*** Task input ***

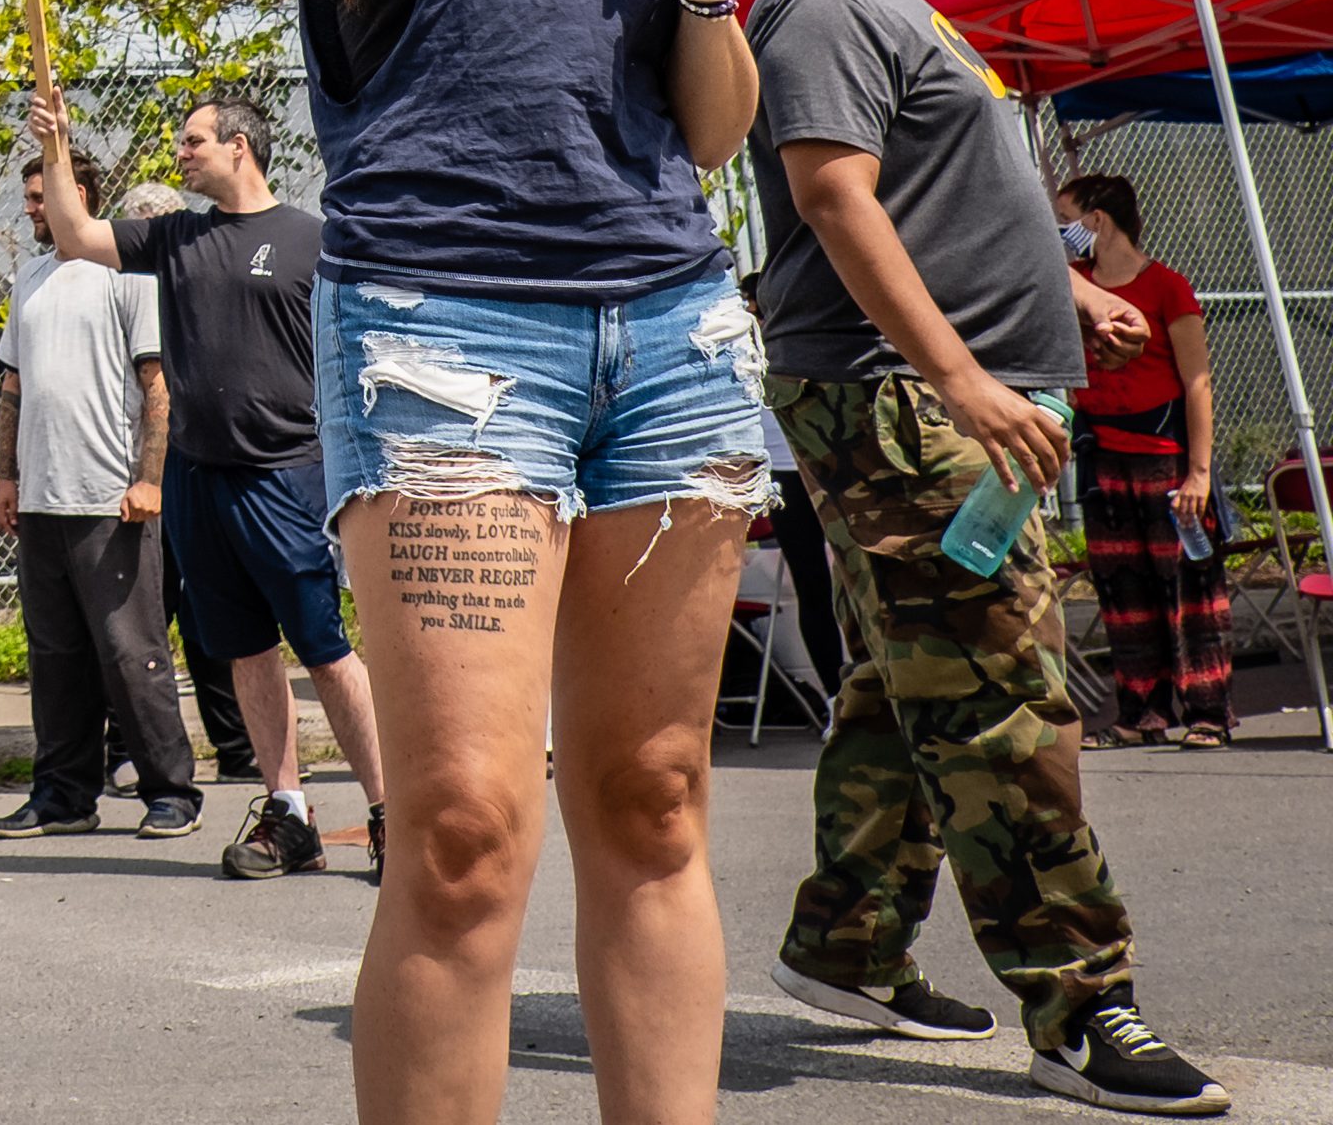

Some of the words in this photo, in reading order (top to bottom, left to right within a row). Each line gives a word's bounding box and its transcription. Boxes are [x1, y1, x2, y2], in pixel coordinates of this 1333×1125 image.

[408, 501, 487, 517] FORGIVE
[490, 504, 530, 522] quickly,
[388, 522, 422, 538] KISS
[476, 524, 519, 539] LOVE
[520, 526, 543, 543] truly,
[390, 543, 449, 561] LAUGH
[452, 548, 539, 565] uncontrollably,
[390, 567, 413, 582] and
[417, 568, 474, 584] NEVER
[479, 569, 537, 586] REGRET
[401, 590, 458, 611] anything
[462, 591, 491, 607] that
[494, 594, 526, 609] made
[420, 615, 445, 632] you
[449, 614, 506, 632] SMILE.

*** End of Task input ***

Pictures are to be left out. Everything else in the records above gets repeated exactly.

▶ [Reply]:
Some of the words in this photo, in reading order (top to bottom, left to right within a row). Each line gives a word's bounding box and its transcription. Boxes are [x1, y1, x2, y2], in pixel coordinates of this 1333×1125 image.

[408, 501, 487, 517] FORGIVE
[490, 504, 530, 522] quickly,
[388, 522, 422, 538] KISS
[476, 524, 519, 539] LOVE
[520, 526, 543, 543] truly,
[390, 543, 449, 561] LAUGH
[452, 548, 539, 565] uncontrollably,
[390, 567, 413, 582] and
[417, 568, 474, 584] NEVER
[479, 569, 537, 586] REGRET
[401, 590, 458, 611] anything
[462, 591, 491, 607] that
[494, 594, 526, 609] made
[420, 615, 445, 632] you
[449, 614, 506, 632] SMILE.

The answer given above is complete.